- Isa Bagh Location within Iran
- Coordinates: 36°55′32″N 57°54′15″E﻿ / ﻿36.92556°N 57.90417°E
- Country: Iran
- Province: North Khorasan
- County: Bam and Safiabad
- District: Bam
- Rural District: Sarigol

Population (2016)
- • Total: 45
- Time zone: UTC+3:30 (IRST)

= Isa Bagh =

Village in North Khorasan province, Iran

Isa Bagh (عيسي باغ) (Note: Also romanized as ‘Īsá Bāgh) is a village in Sarigol Rural District of Bam District in Bam and Safiabad County, North Khorasan province, Iran.

==Demographics==
===Population===
At the time of the 2006 National Census, the village's population was 65 in 22 households, when it was in Bam Rural District of Bam and Safiabad District (Note: Renamed the Central District of Bam and Safiabad County) in Esfarayen County.

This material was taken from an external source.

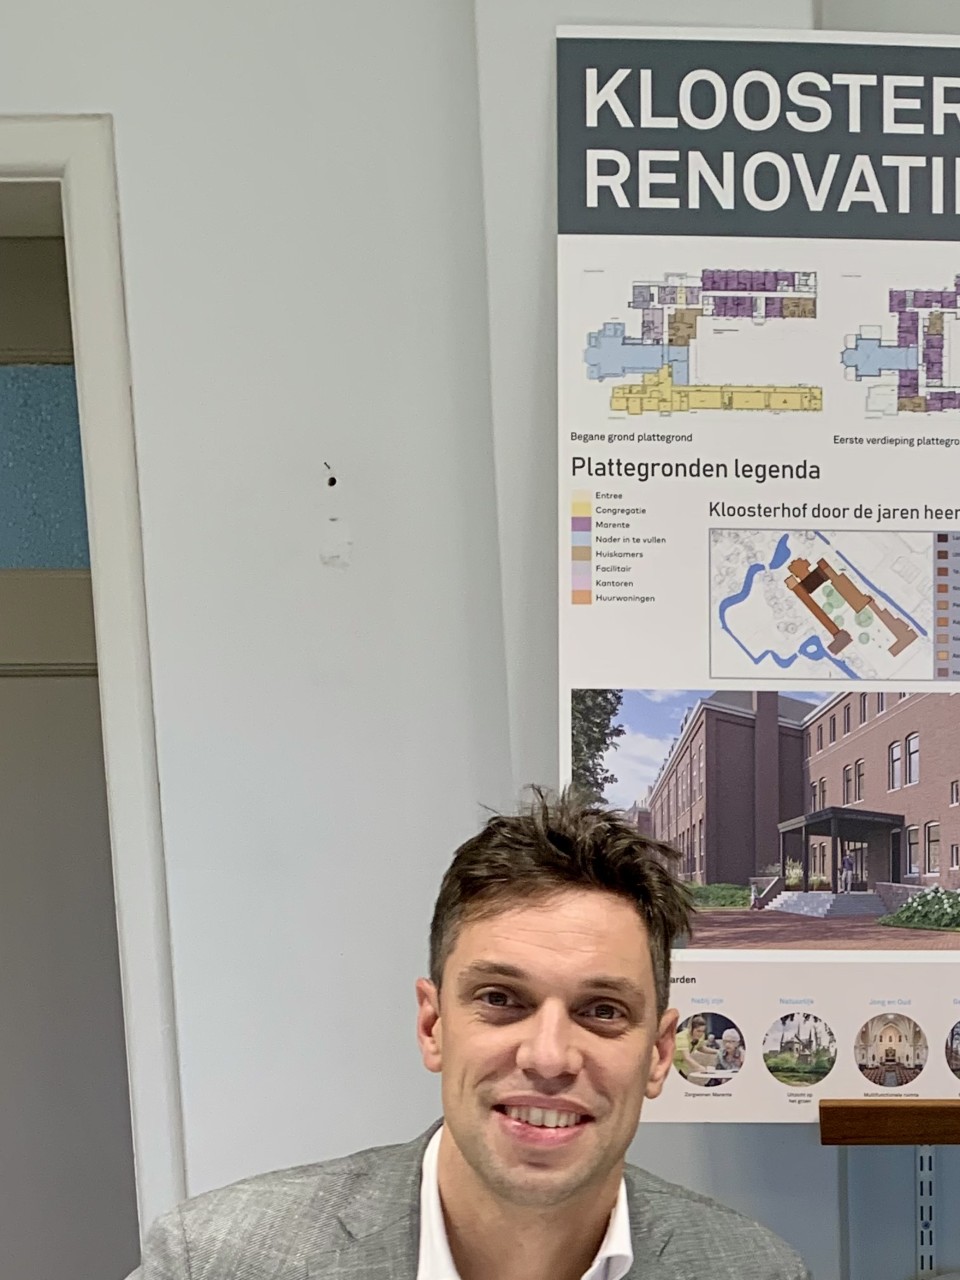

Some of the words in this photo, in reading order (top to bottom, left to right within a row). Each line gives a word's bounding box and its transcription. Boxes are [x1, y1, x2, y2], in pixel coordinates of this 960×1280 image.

The following census in 2011 counted 56 people in 24 households. The 2016 census measured the population of the village as 45 people in 22 households.

In 2023, the district was separated from the county in the establishment of Bam and Safiabad County and renamed the Central District. The rural district was transferred to the new Bam District, and Isa Bagh was transferred to Sarigol Rural District created in the same district.